_What is expected_
With the images removed, write out each record exactly as given.

_Data records_
═══

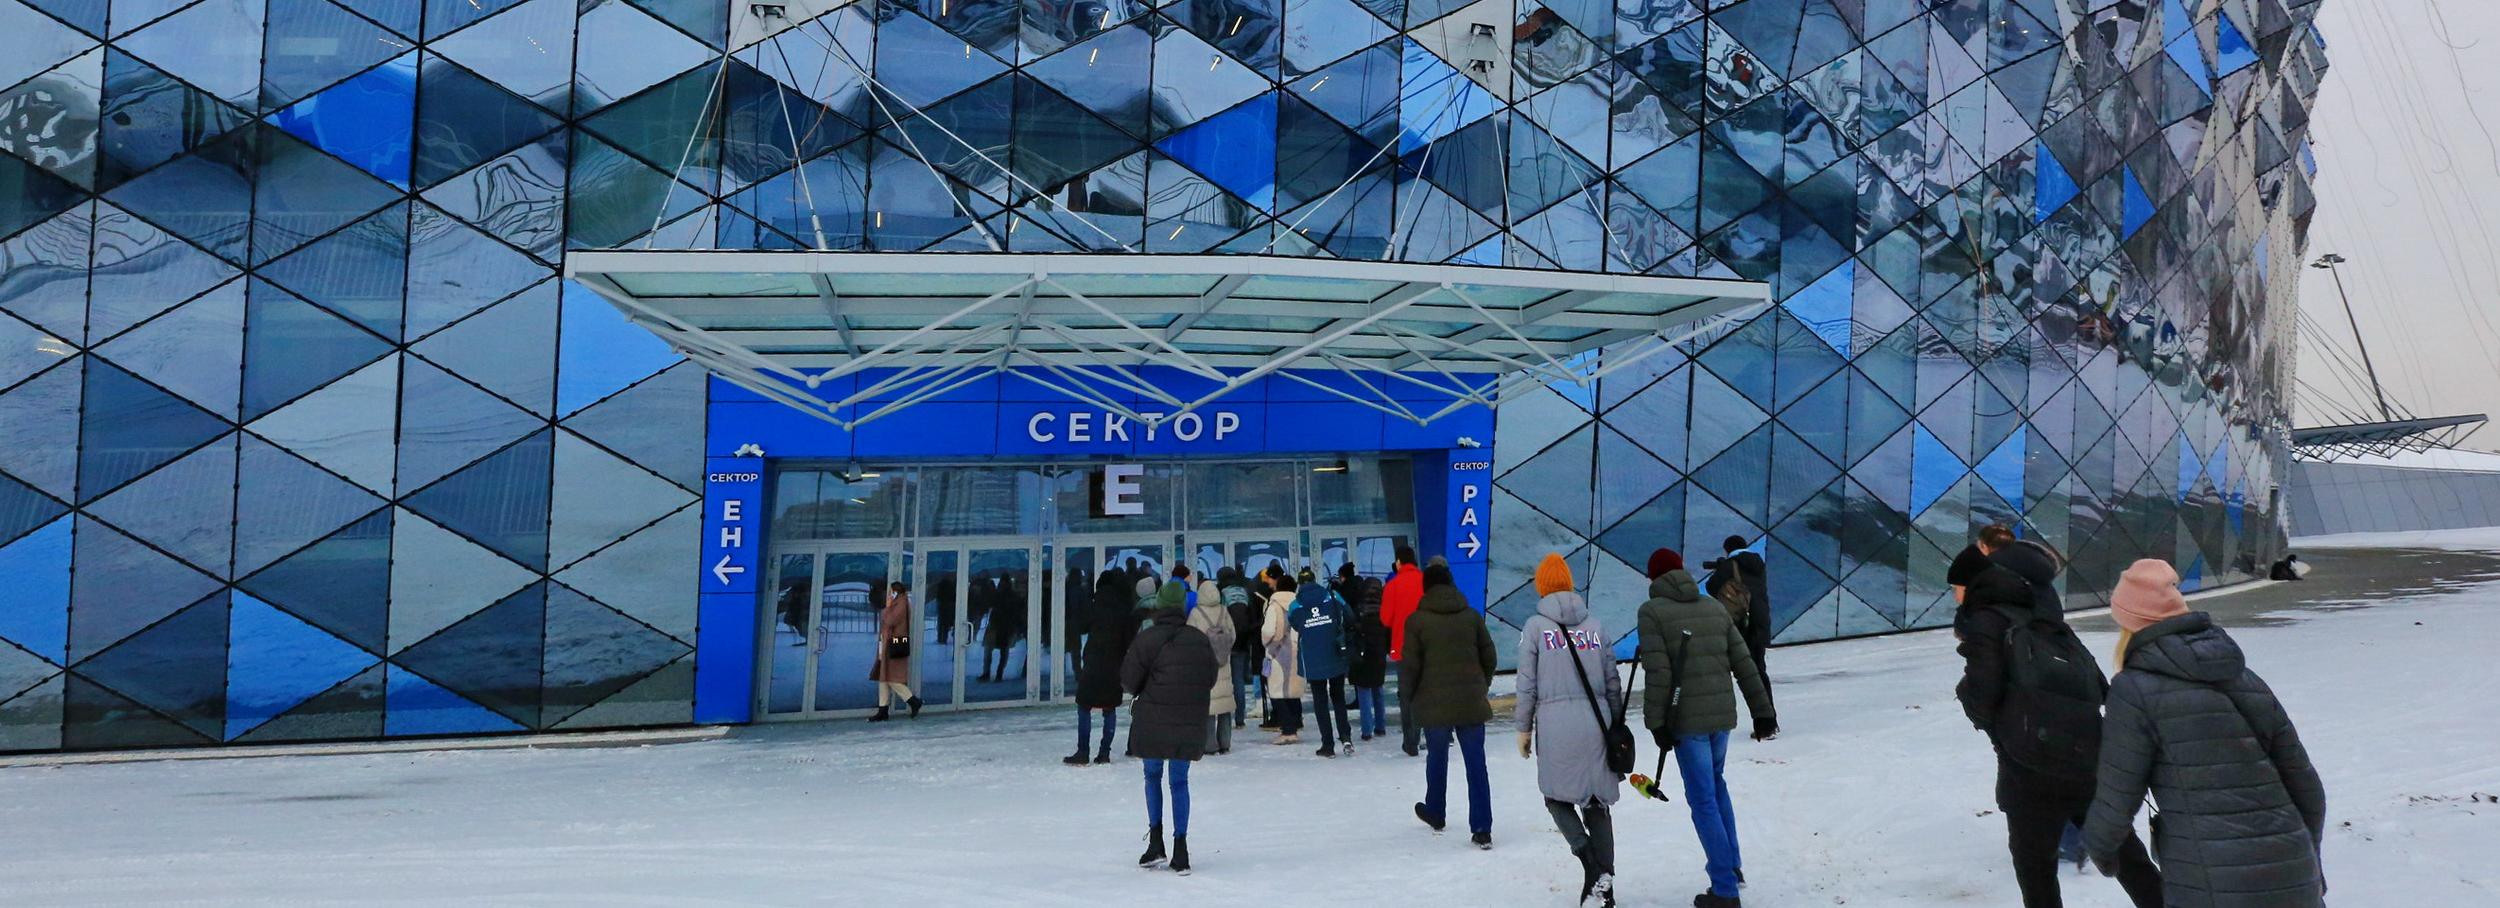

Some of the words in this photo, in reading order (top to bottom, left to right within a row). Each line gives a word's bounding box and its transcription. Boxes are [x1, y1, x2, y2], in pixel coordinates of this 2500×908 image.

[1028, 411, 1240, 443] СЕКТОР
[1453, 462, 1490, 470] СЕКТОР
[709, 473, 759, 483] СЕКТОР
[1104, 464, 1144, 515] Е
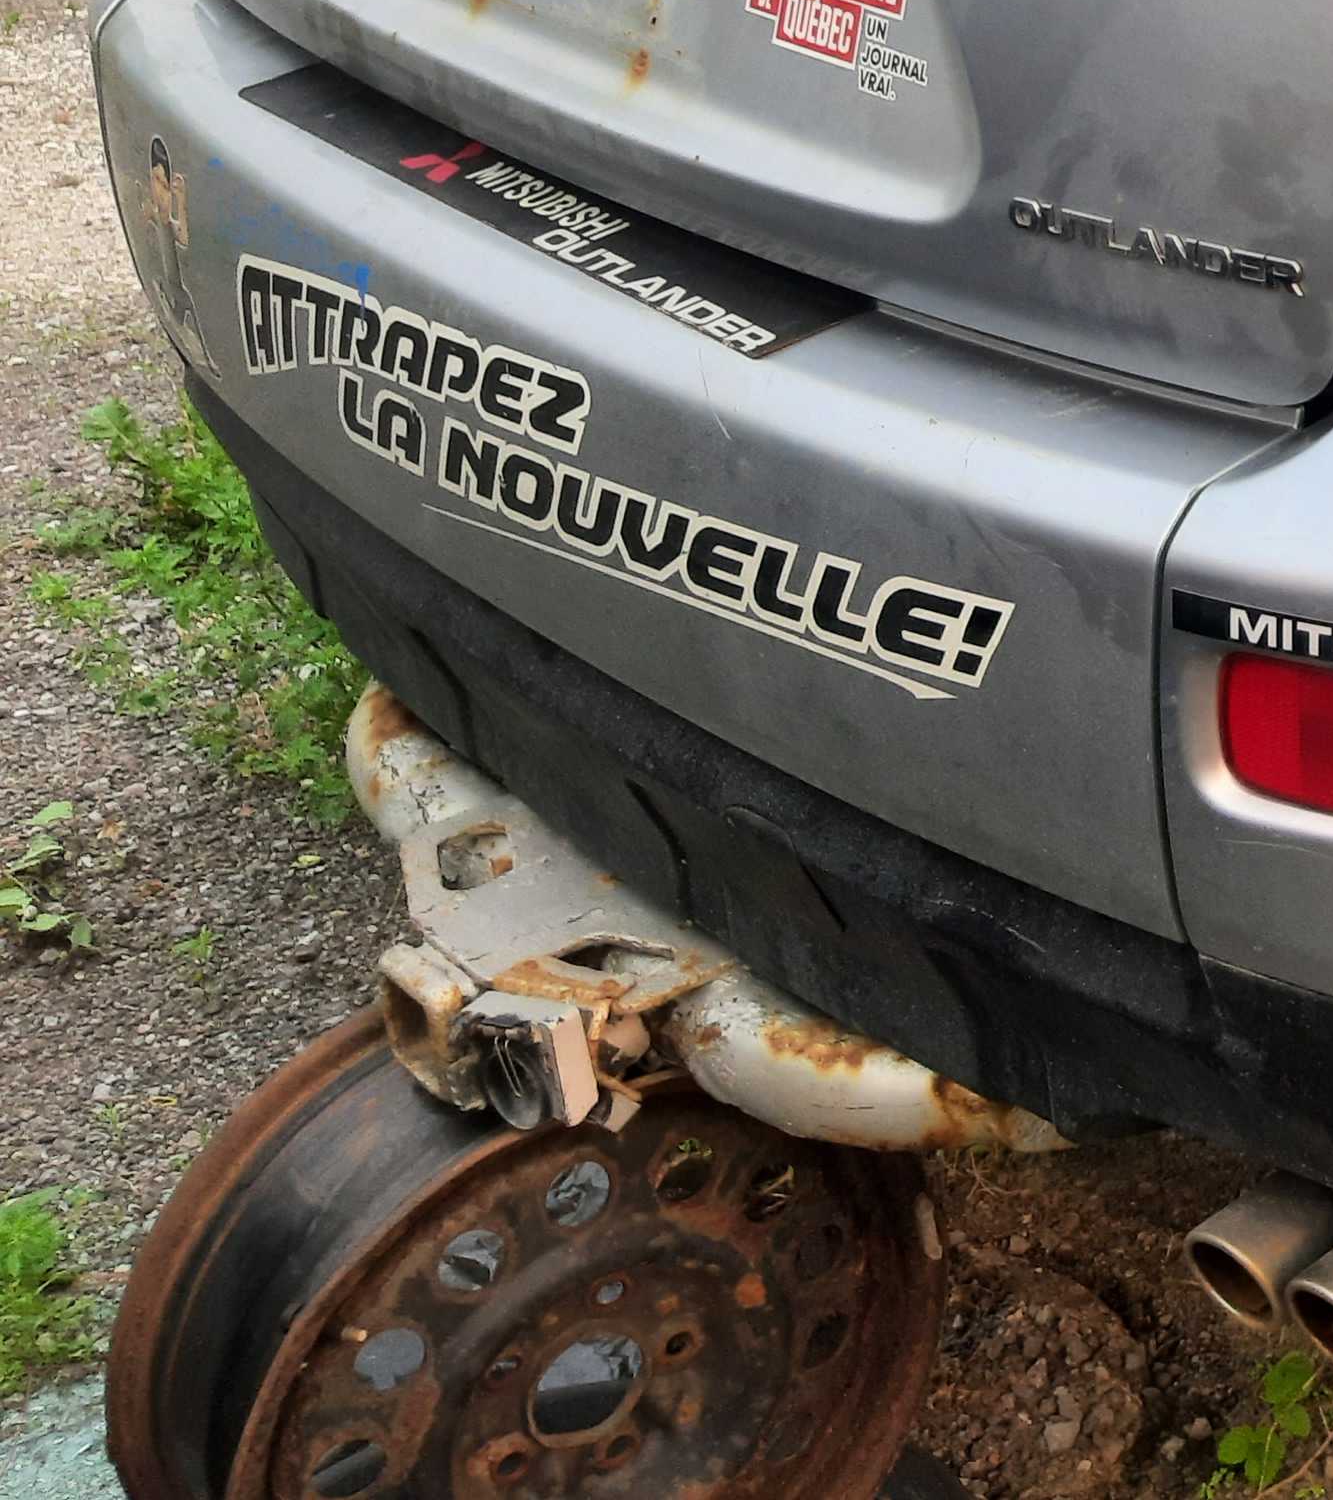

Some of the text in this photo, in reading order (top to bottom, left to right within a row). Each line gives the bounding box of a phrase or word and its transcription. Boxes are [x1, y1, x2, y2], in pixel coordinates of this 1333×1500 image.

═══

_Written response_
Some of the words in this photo, in reading order (top to bottom, left to right within a row). Each line gives a word's bounding box and its transcription. Boxes are [x1, y1, x2, y2], in pixel coordinates of this 2500×908 image.

[1028, 411, 1240, 443] СЕКТОР
[1453, 462, 1490, 470] СЕКТОР
[709, 473, 759, 483] СЕКТОР
[1104, 464, 1144, 515] Е

Some of the text in this photo, in reading order (top to bottom, left to right within a row). Each line gives the bounding box of a phrase or word and its transcription. Boxes are [x1, y1, x2, y2], in pixel coordinates of this 1333×1500 image.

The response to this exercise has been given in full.